Le sujet ne concerne pas uniquement les entreprises, mais aussi les individus. Baptiste Detombe, essayiste, diplômé en philosophie politique, fonctionnaire parlementaire, auteur de L’homme démantelé, a rappelé que la dépendance cognitive aux écrans est devenue un fait social majeur. Selon lui, « l’économie de l’attention coûte à la France entre deux et trois points de PIB chaque année », si l’on prend en compte le temps capté par des usages numériques peu productifs, au détriment d’activités intellectuellement, socialement ou économiquement plus stimulantes.
L’actualité lui donne raison avec la publication du rapport de la commission d’enquête parlementaire sur les conséquences psychologiques de TikTok qui alerte sur cette dépendance et ses effets chez les jeunes cerveaux. Pour Baptiste Detombe, il pourrait être envisagé d’imposer aux grandes plateformes numériques de financer des campagnes de sensibilisation à la sobriété attentionnelle, sur le modèle des financements de campagnes anti-tabac par les entreprises vendant des cigarettes.
L’IA entraîne des enjeux importants et il est nécessaire d’en limiter les dérives. L’Europe a posé un premier jalon en légiférant en adoptant l’AI Act. Beaucoup y voient une réglementation. Il faudrait la lire comme une incitation à instituer la culture du risque dans les institutions comme les entreprises. Ce n’est pas forcément un carcan, mais une vision pour implémenter l’IA dans nos structures.
Plus généralement, le sujet est celui de la souveraineté sur l’ensemble de la chaîne de valeur de l’IA, et donc notre capacité à la maîtriser, entre autres via la réglementation.
« La réglementation IA, l’AI Act, est intéressante en ce qu’elle incite les institutions et les entreprises à encadrer la technologie par une ambitieuse gestion de ses risques », a rappelé Ysens de France, docteur en droit international, chargée de mission IA auprès de la Gendarmerie Nationale. A travers cette réglementation, le projet de réarmement technologique de l’Union européenne et de la France s’exprime sous la bannière de la « souveraineté ». Il faut néanmoins être vigilant face à la « guerre plus silencieuse, culturelle et idéologique, où chaque puissance projette ses propres valeurs et ses ambitions pour l’avenir à travers ses technologies ».

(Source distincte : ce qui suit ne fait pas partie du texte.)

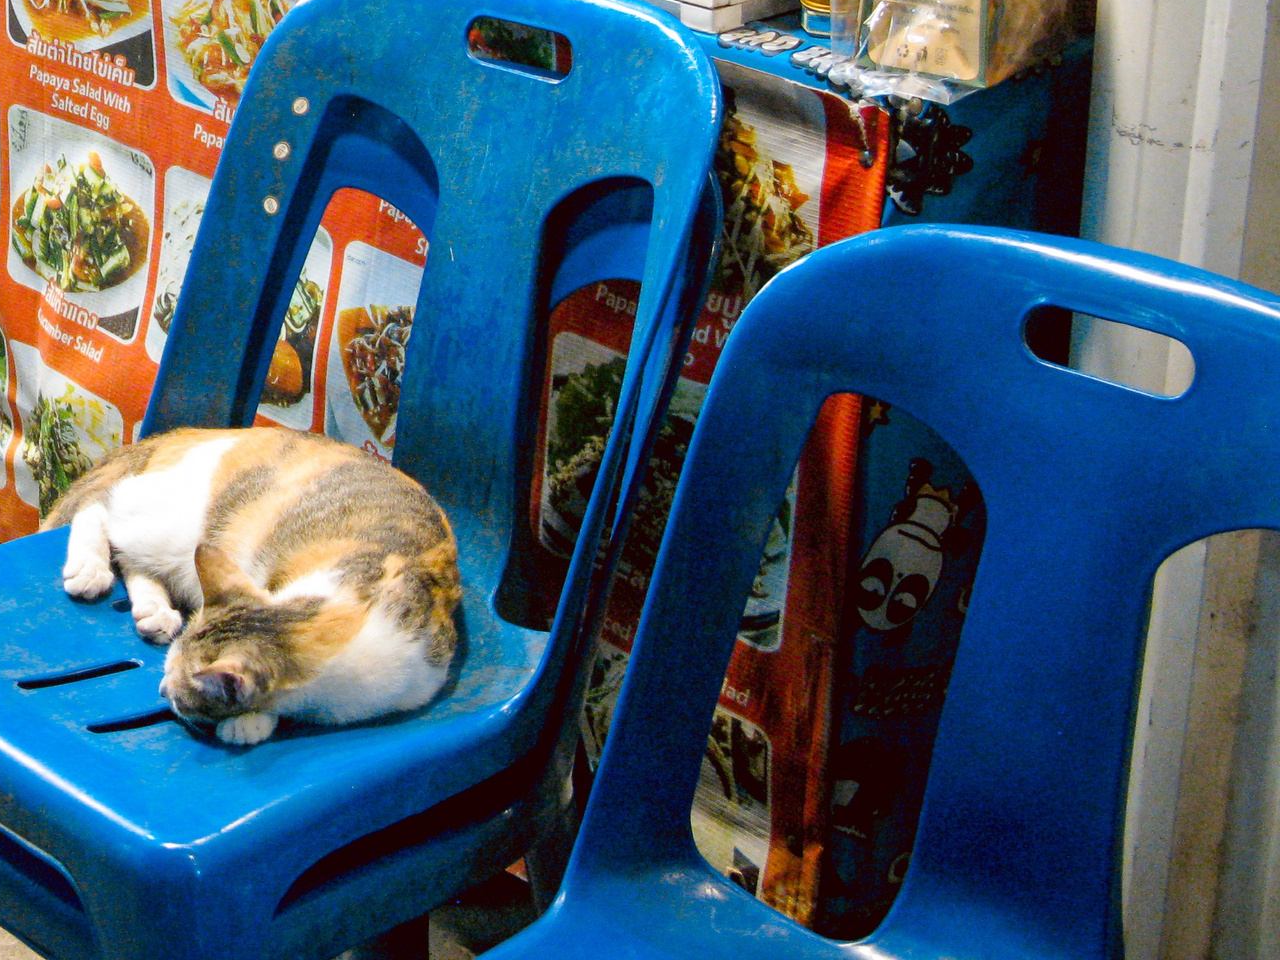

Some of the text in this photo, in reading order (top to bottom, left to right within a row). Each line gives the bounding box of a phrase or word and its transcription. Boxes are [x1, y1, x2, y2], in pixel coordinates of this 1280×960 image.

Pour Ysens de France, la souveraineté doit ainsi retrouver ses lettres de noblesse : « elle n’est pas seulement une protection contre, elle est une promesse pour », un projet positif donc, qui renforce la compétitivité des entreprises, fédère, protège les citoyens, contribue à leur autonomie sans les considérer comme de simples consommateurs. Il s’agit aussi d’un projet fédérateur, capable de réaffirmer l’autonomie des citoyens, considérés comme tels et non seulement comme des consommateurs. Enfin, il s’agit de « redonner du sens à l’action publique dans un monde dorénavant architecturé et façonné par l’intelligence artificielle ». Impossible n’est pas français.